# ACTION ITEM:
When you repeat the material, keep each line exact and omit the pictures.

# DATA FOR THIS TASK:
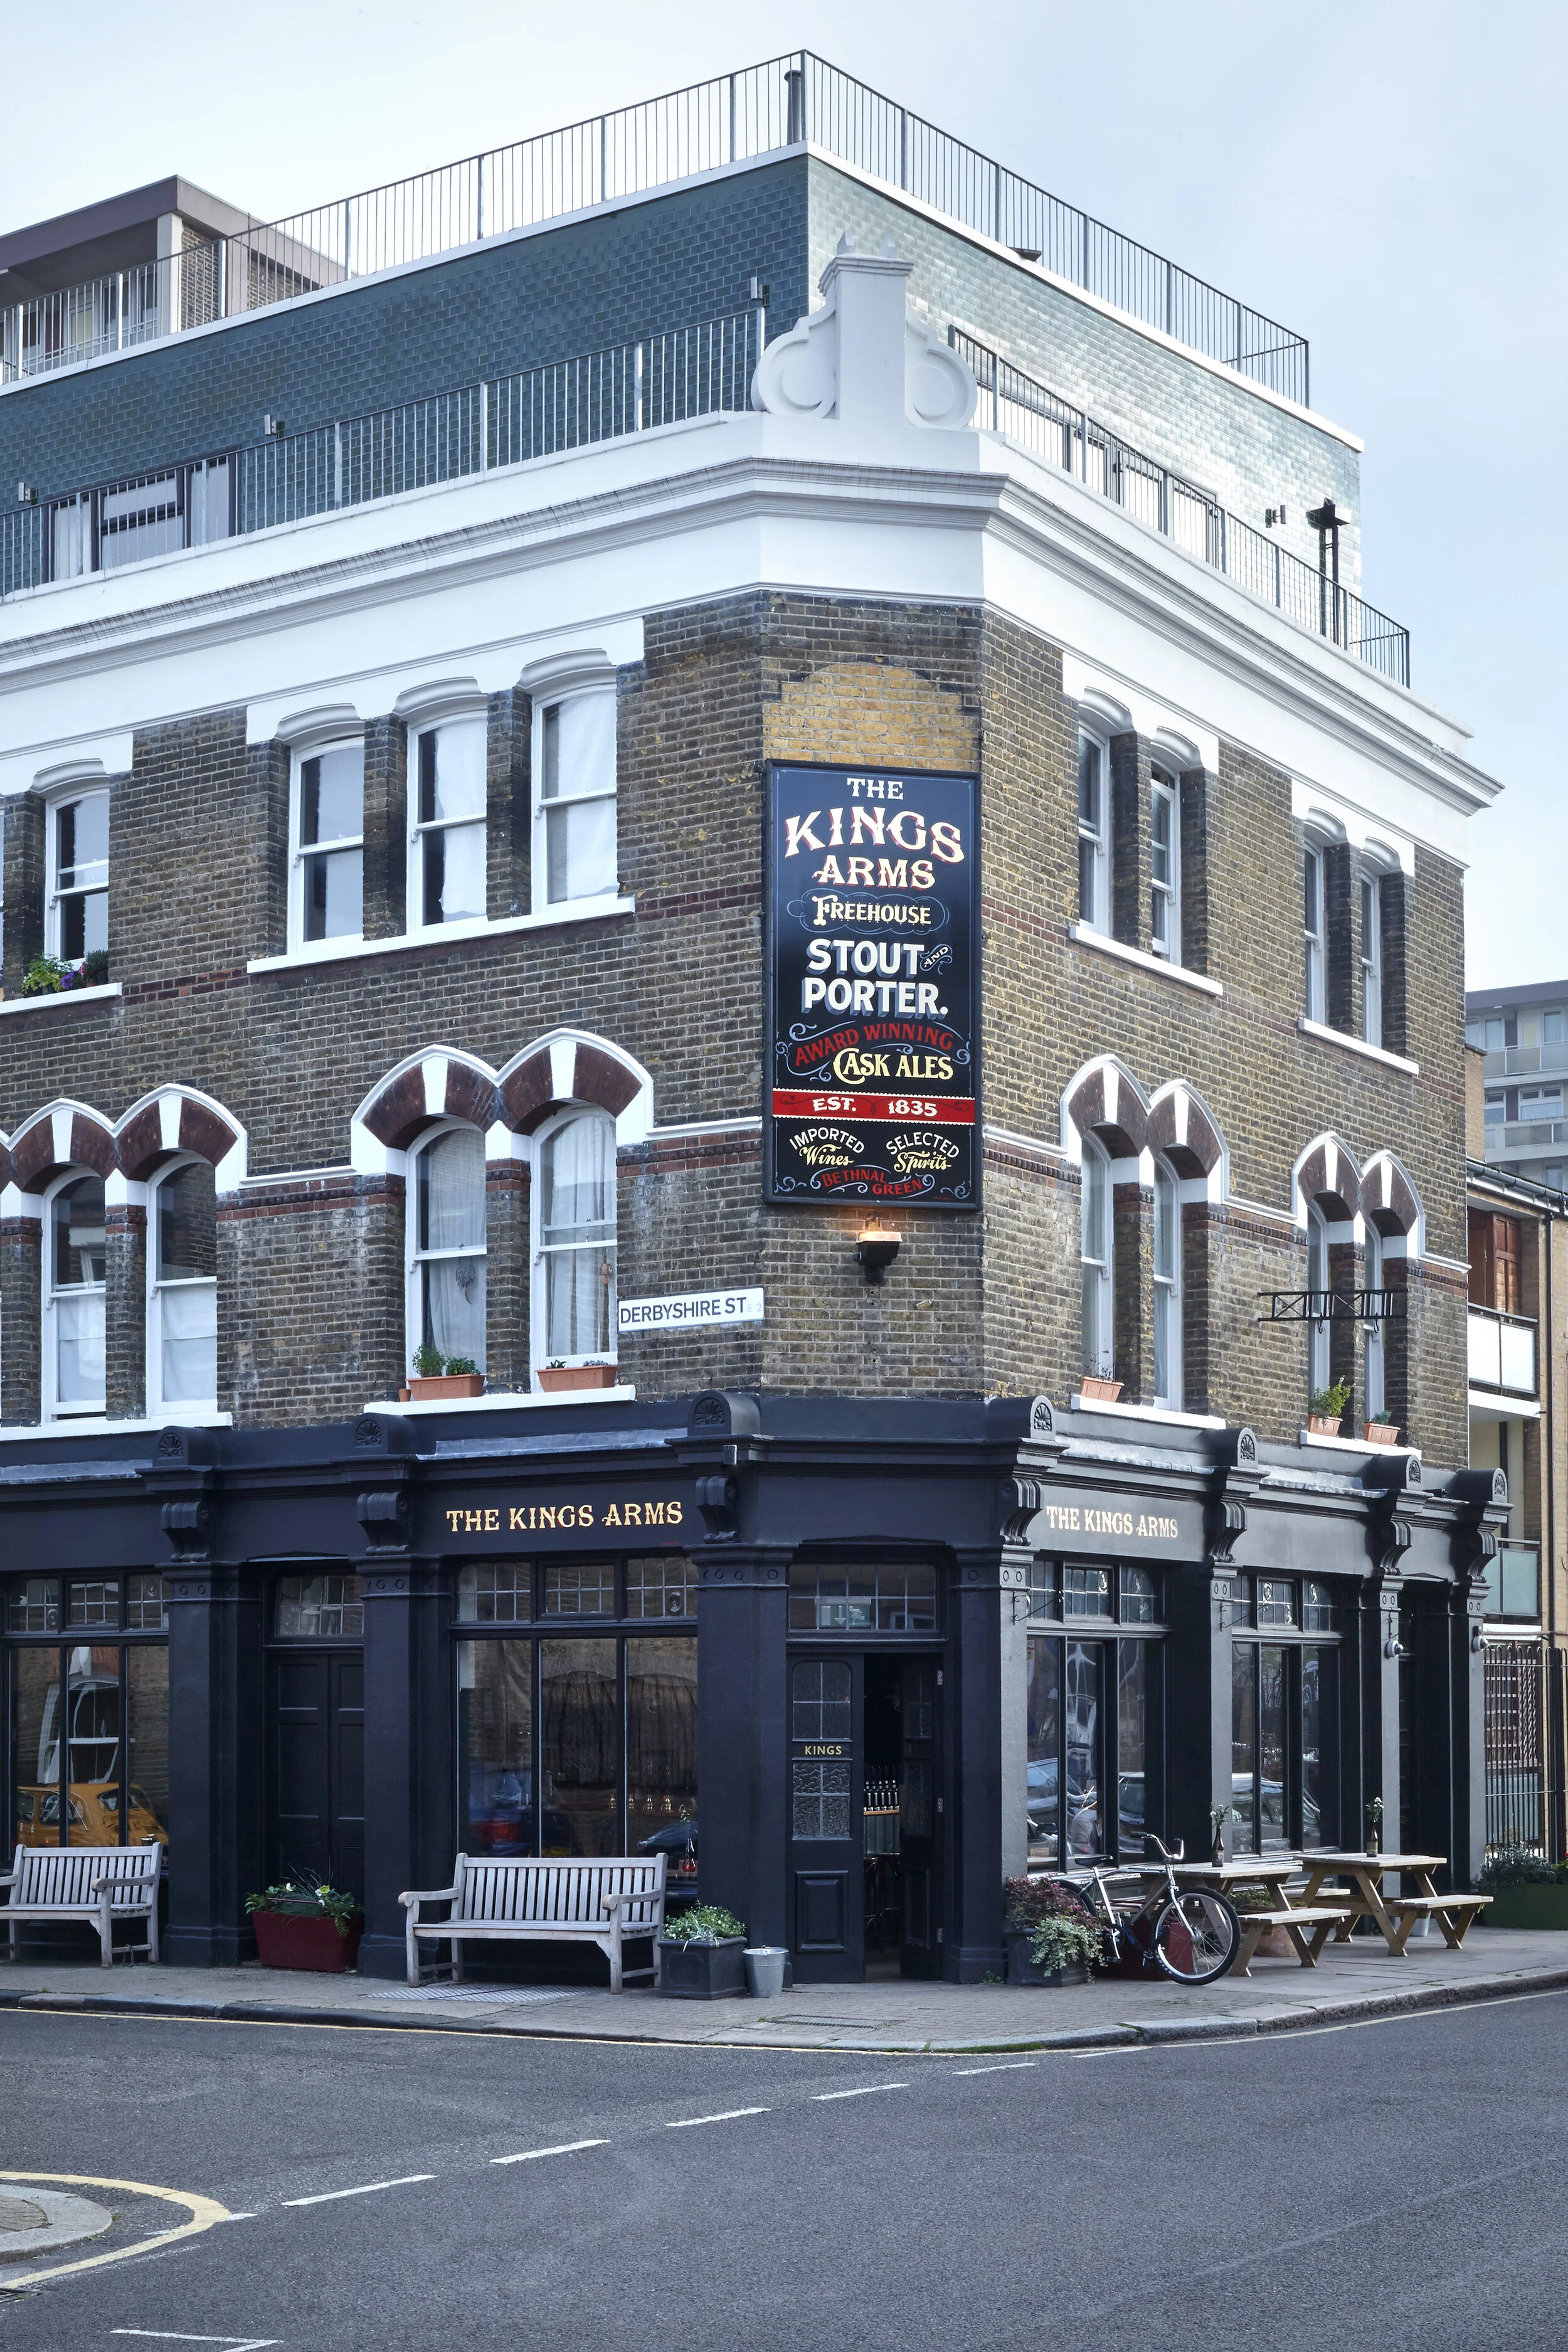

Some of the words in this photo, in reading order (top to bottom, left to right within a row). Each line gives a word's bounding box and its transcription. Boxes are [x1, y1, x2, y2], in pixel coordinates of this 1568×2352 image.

[847, 777, 904, 800] THE
[785, 806, 965, 864] KINGS
[812, 854, 936, 891] ARMS
[812, 894, 931, 926] FREEHOUSE
[806, 938, 924, 978] STOUT
[923, 946, 949, 968] AND
[802, 977, 949, 1020] PORTER.
[795, 1029, 860, 1066] AWARD
[864, 1023, 953, 1051] WINNING
[833, 1047, 891, 1084] CASK
[896, 1055, 953, 1080] ALES
[812, 1096, 857, 1112] EST.
[888, 1099, 938, 1116] 1835
[789, 1126, 865, 1154] IMPORTED
[886, 1131, 960, 1158] SELECTED
[798, 1144, 854, 1166] Wines
[893, 1150, 952, 1173] Spirits
[821, 1168, 886, 1187] BETHNAL
[872, 1179, 923, 1195] GREEN
[620, 1299, 721, 1324] DERBYSHIRE
[724, 1296, 747, 1314] ST
[446, 1508, 500, 1532] THE
[509, 1505, 595, 1530] KINGS
[601, 1501, 684, 1527] ARMS
[1046, 1505, 1080, 1530] THE
[1084, 1508, 1133, 1535] KINGS
[1136, 1515, 1179, 1539] ARMS
[805, 1745, 842, 1755] KINGS

# RESULT FOR THIS EXERCISE:
Some of the words in this photo, in reading order (top to bottom, left to right within a row). Each line gives a word's bounding box and its transcription. Boxes are [x1, y1, x2, y2], in pixel coordinates of this 1568×2352 image.

[847, 777, 904, 800] THE
[785, 806, 965, 864] KINGS
[812, 854, 936, 891] ARMS
[812, 894, 931, 926] FREEHOUSE
[806, 938, 924, 978] STOUT
[923, 946, 949, 968] AND
[802, 977, 949, 1020] PORTER.
[795, 1029, 860, 1066] AWARD
[864, 1023, 953, 1051] WINNING
[833, 1047, 891, 1084] CASK
[896, 1055, 953, 1080] ALES
[812, 1096, 857, 1112] EST.
[888, 1099, 938, 1116] 1835
[789, 1126, 865, 1154] IMPORTED
[886, 1131, 960, 1158] SELECTED
[798, 1144, 854, 1166] Wines
[893, 1150, 952, 1173] Spirits
[821, 1168, 886, 1187] BETHNAL
[872, 1179, 923, 1195] GREEN
[620, 1299, 721, 1324] DERBYSHIRE
[724, 1296, 747, 1314] ST
[446, 1508, 500, 1532] THE
[509, 1505, 595, 1530] KINGS
[601, 1501, 684, 1527] ARMS
[1046, 1505, 1080, 1530] THE
[1084, 1508, 1133, 1535] KINGS
[1136, 1515, 1179, 1539] ARMS
[805, 1745, 842, 1755] KINGS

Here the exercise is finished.